Ayhan Bora Kaplan soruşturmasında görev yapan siber suçlarla mücadelede görevli bir polis, Kaplan'a bilgi sızdırması iddiasıyla görevden alındı. Siber suçlar konusunda uzman polisin, Sinan Ateş dosyasındaki bilişim verilerini inceleyen bilirkişi olduğu ortaya çıktı. Görevden alınmasının altında ise şu an tutuklu olan eski Organize Şube Müdürü Murat Çelik'in imzası var.

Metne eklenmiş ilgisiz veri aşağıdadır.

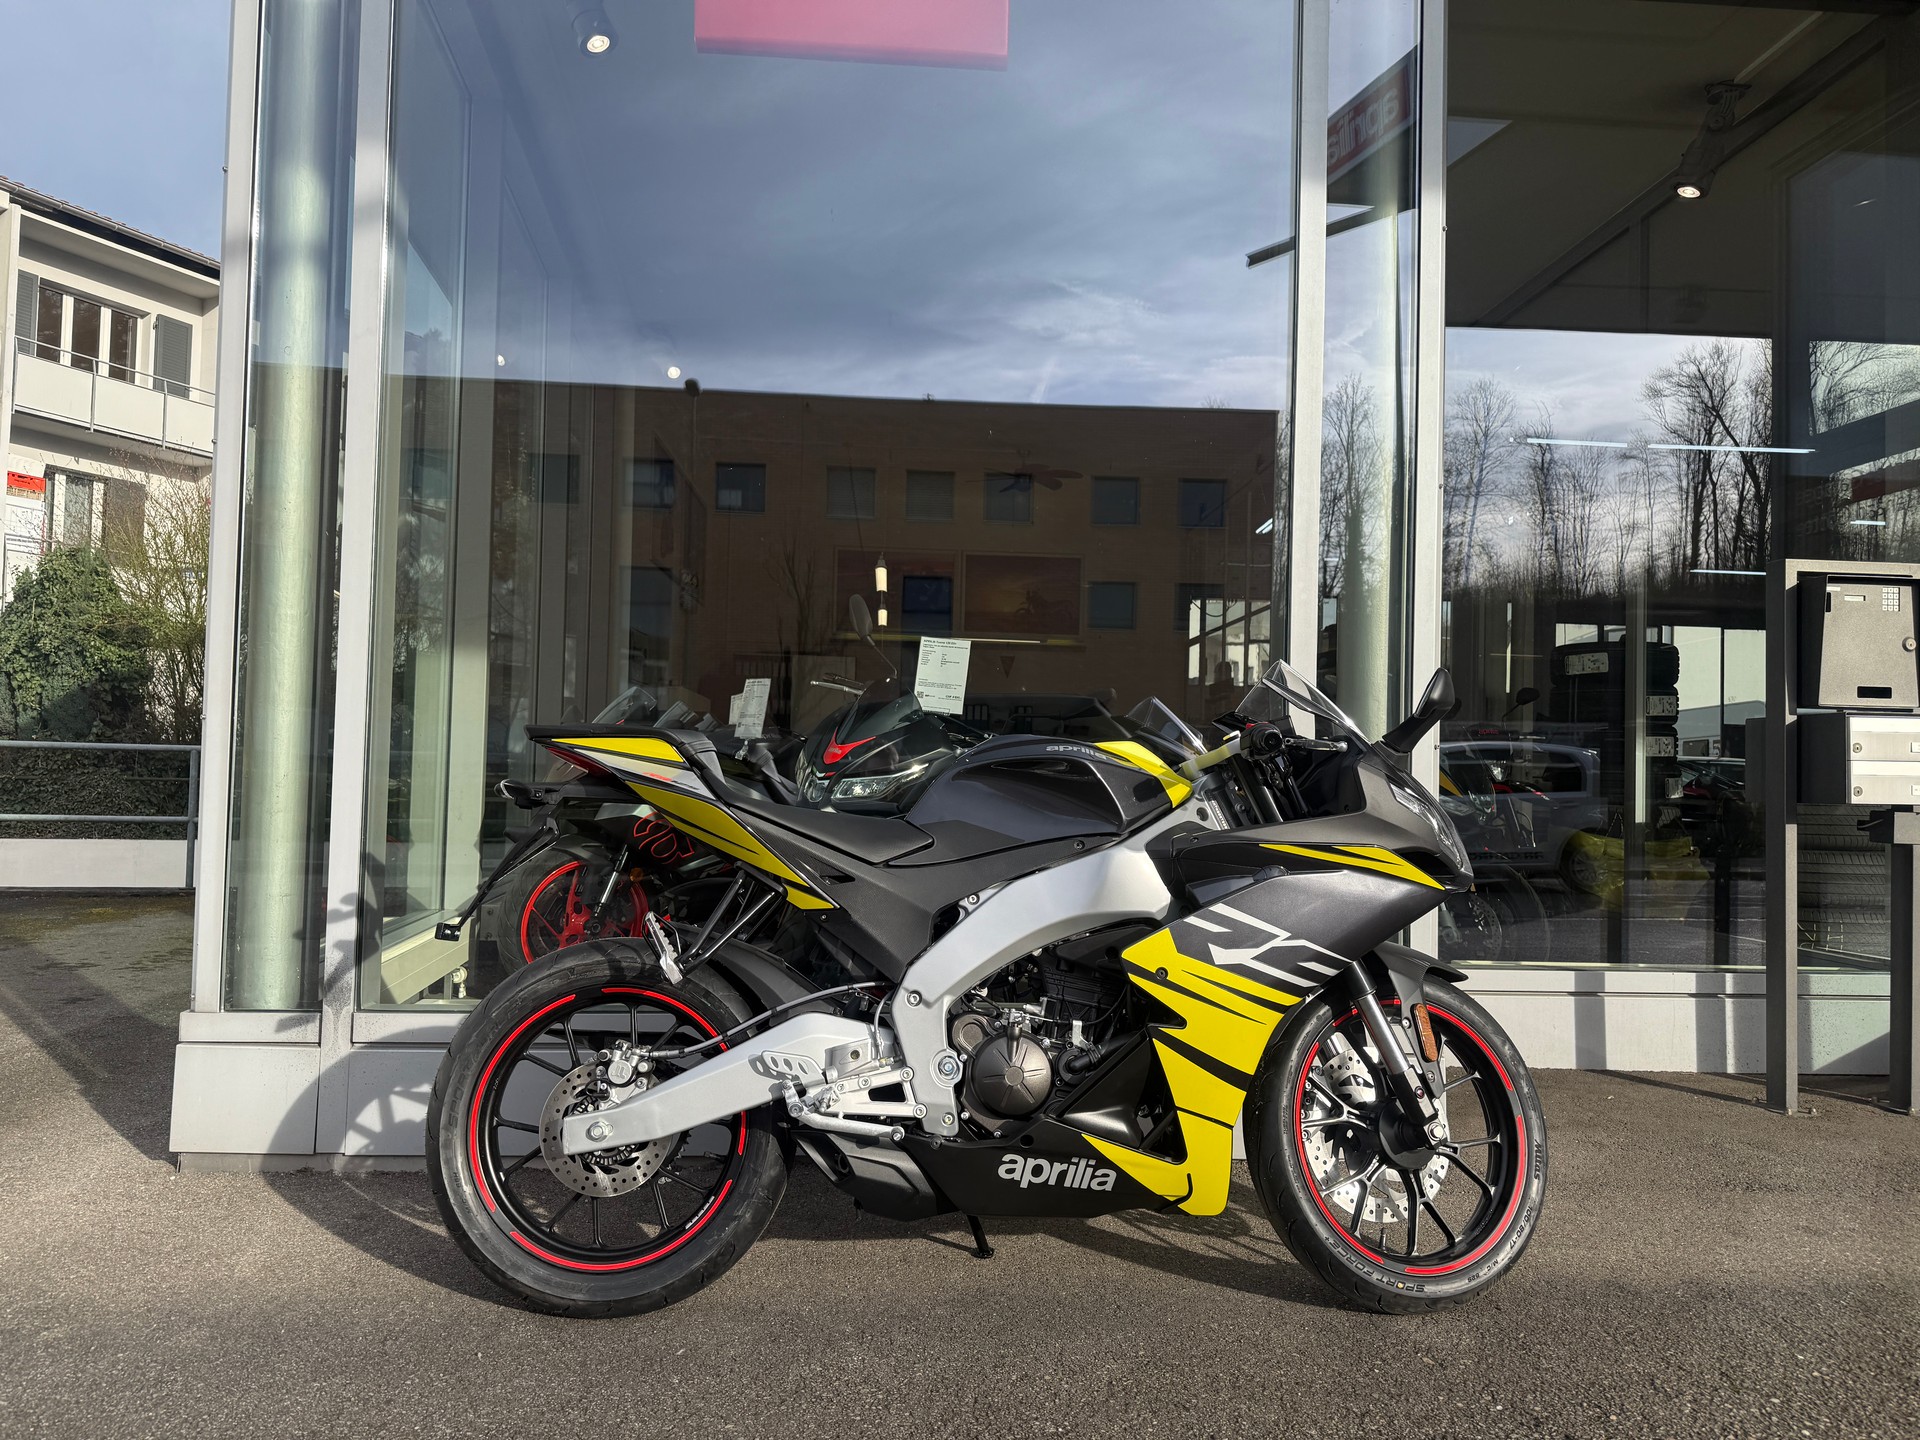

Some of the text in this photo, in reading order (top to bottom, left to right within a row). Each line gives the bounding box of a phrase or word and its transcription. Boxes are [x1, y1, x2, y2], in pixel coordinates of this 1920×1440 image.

Emniyet'teki emekliliklere karar Yüksek Değerlendirme Kurulu (YDK) adlı özel bir kurul var. Kurul, yılda bir kere toplanarak emeklilik ve terfi gibi kararlar alıyor. Kurulun bir karar vermeden toplantıyı bitirdiğini ancak hala kuruldan bir ses çıkmadığını Tolga Şardan aktardı.

İşte Tolga Şardan'ın "Sinan Ateş dosyasının bilirkişisi polise ne oldu? Emniyet YDK'da "emeklilik" krizi!" başlıklı yazısından ilgili kısım şu şekilde:

"Ayhan Bora Kaplan soruşturmasında görev yapan siber suçlarla mücadelede görevli bir polis, Kaplan'a yakınlığıyla bilinen bir avukata bilgi sızdırdığı iddiasıyla görevden alındı.

Siber suçlar konusunda uzman polisin aynı zamanda Sinan Ateş dosyasındaki bilişim verilerini inceleyen bilirkişi olduğu ortaya çıktı.

Polisin, Ayhan Bora Kaplan davasıyla ilgili değil Sinan Ateş soruşturmasında 'kritik' görev yapması nedeniyle bazı çevrelerin hedefi olduğu anlaşıldı.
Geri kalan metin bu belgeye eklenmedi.